In the first of what will be quarterly workshops at the lab, I did a quick presentation and offered one-on-one consultations along with Manning Sossamon attorney Vicky Husband and our Senior Legal Assistant, Amanda Delgado. We had a great time talking with people from some remarkable up-and-coming businesses!

The workshop\’s topic was crucial—and often overlooked—considerations for young businesses after formation. Specifically, I focused on important provisions to include in Shareholder and Operating Agreements.  Carefully drafted agreements contain restrictions on:

  • transferability,
  • rights of first refusal forthe Company and/or other shareholders,
  • valuation protocols, and
  • contingency provisions for death or disability of key shareholders.

No wonder founders often neglect to prepare careful documentation at formation. Who wants to stop to consider his mortality or the quality of his relationship with his business partner when there’s so much work to be done getting the business off the ground?  At this thrilling, hectic time, careful documentation can feel like a nuisance or something that can safely wait until the business is more successful.

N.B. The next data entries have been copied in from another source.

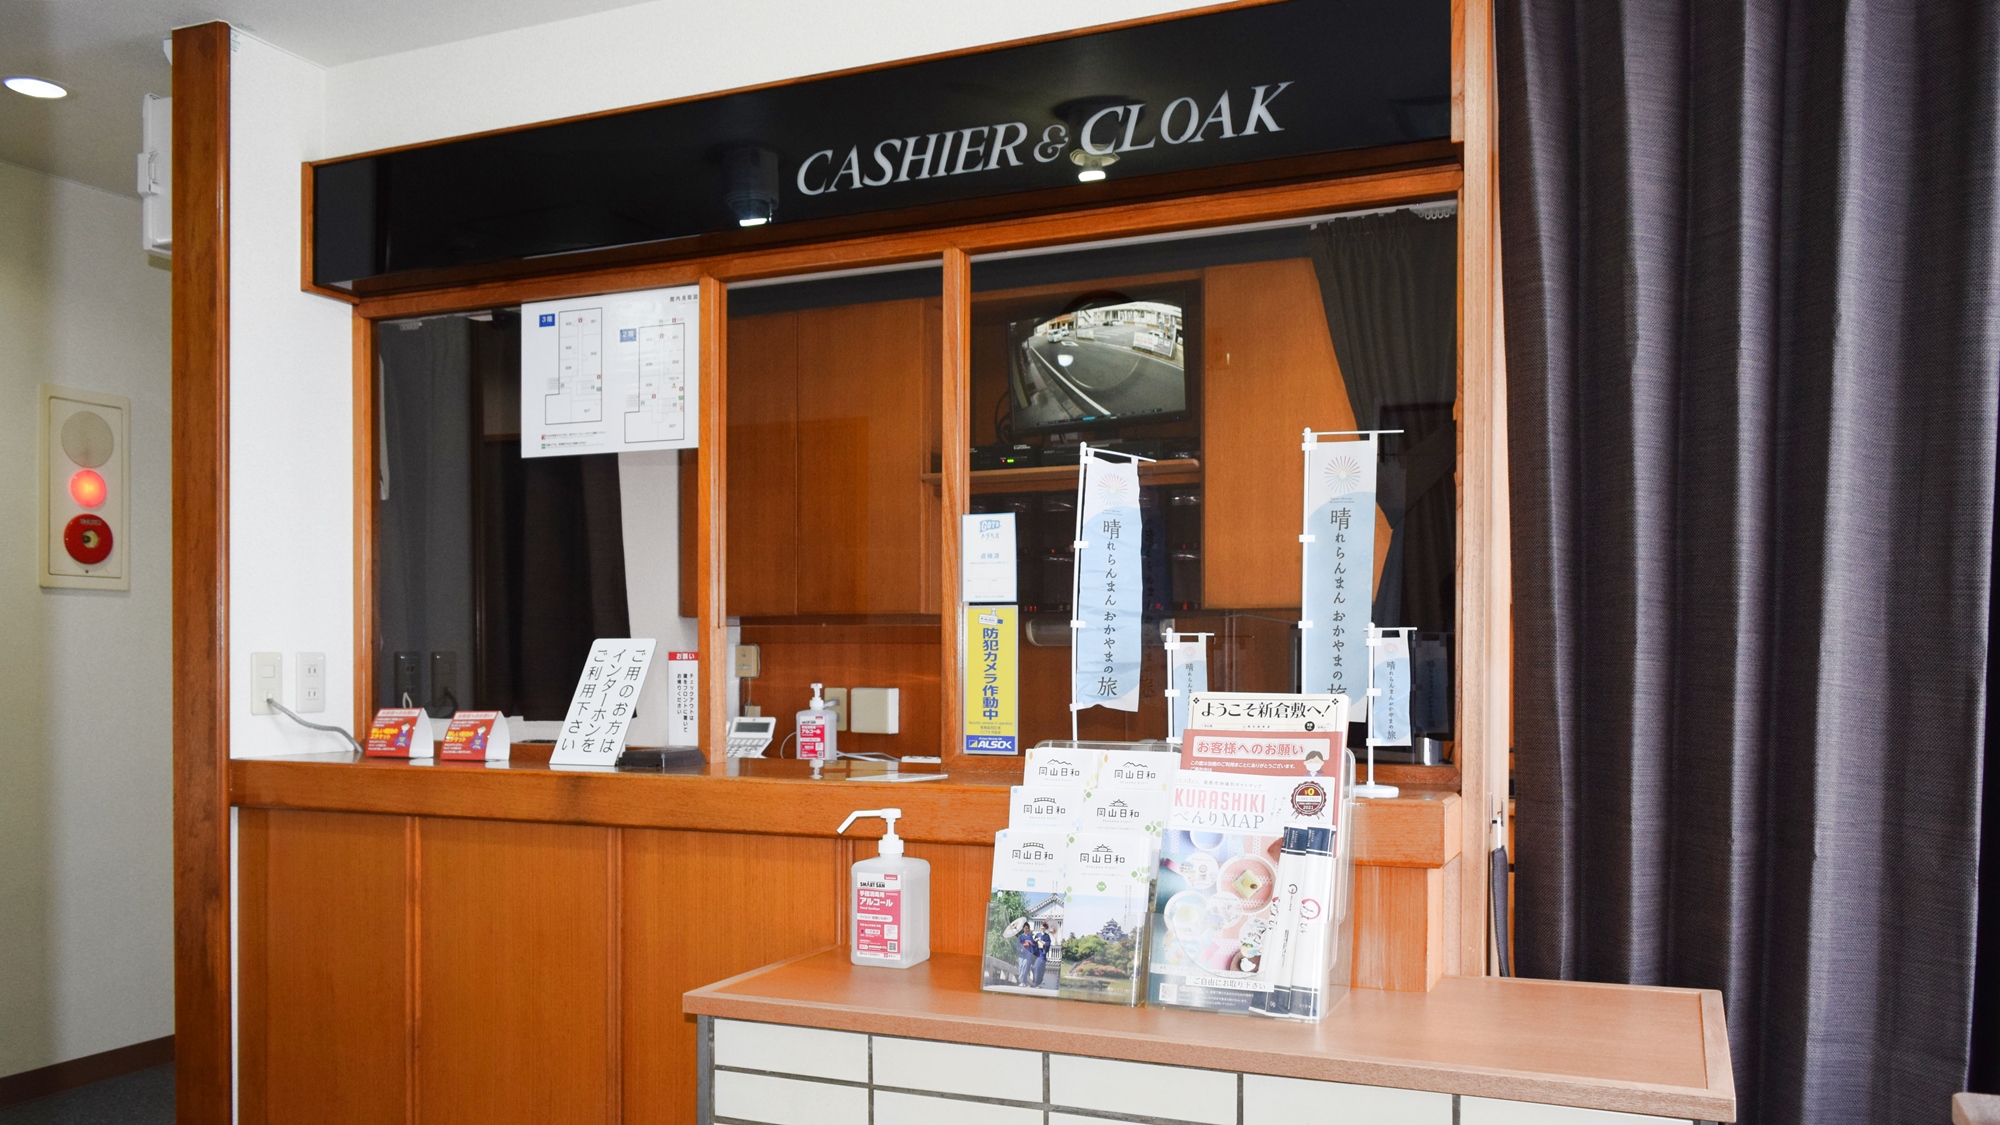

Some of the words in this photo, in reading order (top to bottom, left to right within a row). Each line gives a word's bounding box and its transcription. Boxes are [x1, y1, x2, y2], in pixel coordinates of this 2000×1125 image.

[797, 121, 1029, 196] CASHIER
[1034, 124, 1070, 163] &
[1080, 81, 1296, 156] CLOAK
[1097, 519, 1122, 696] 晴れらんまんおかやまの旅
[982, 627, 999, 721] 防犯カメラ作動中
[561, 649, 608, 751] ご利用下さい
[581, 649, 627, 753] インターホンを
[600, 649, 646, 753] ご用のお方は
[978, 740, 1012, 749] ALSOK
[1197, 741, 1304, 756] お客様へのお願い
[1038, 767, 1080, 777] 岡山日和
[1114, 769, 1156, 779] 岡山日和
[1174, 788, 1266, 814] KURASHIKI
[1023, 805, 1066, 815] 岡山日和
[1096, 807, 1140, 818] 岡山日和
[1011, 850, 1054, 860] 岡山日和
[1079, 853, 1125, 864] 岡山日和
[859, 898, 893, 907] アルコール
[1193, 977, 1267, 990] ご自由にお取り下さい
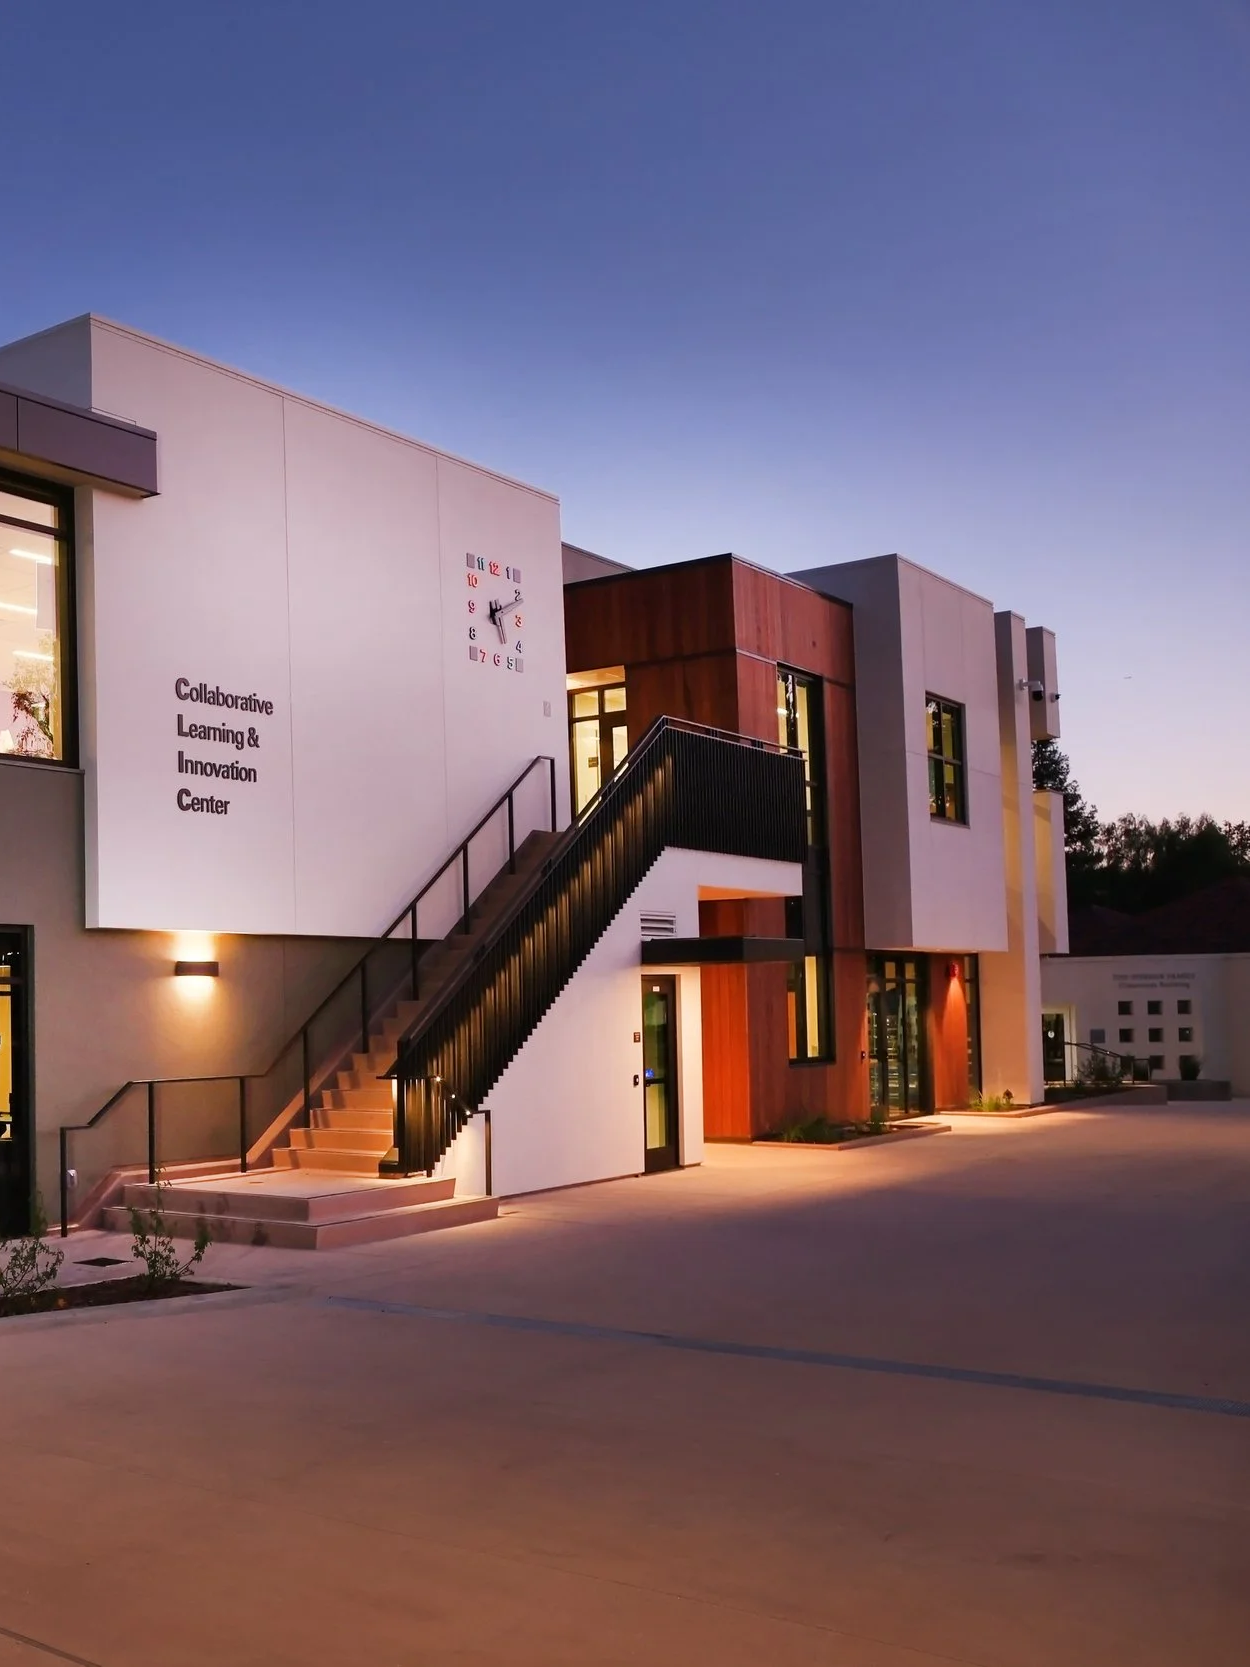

Unfortunately, putting off these issues can create serious problems on down the road.   I see these situations more often that I would like! A company we know created its initial governing documents without the assistance of an attorney.  While they hit most of the important points in their drafts, they failed to include a strong buy-sell provision that would require a departing founder/employee to offer his or her shares back to the company for purchase.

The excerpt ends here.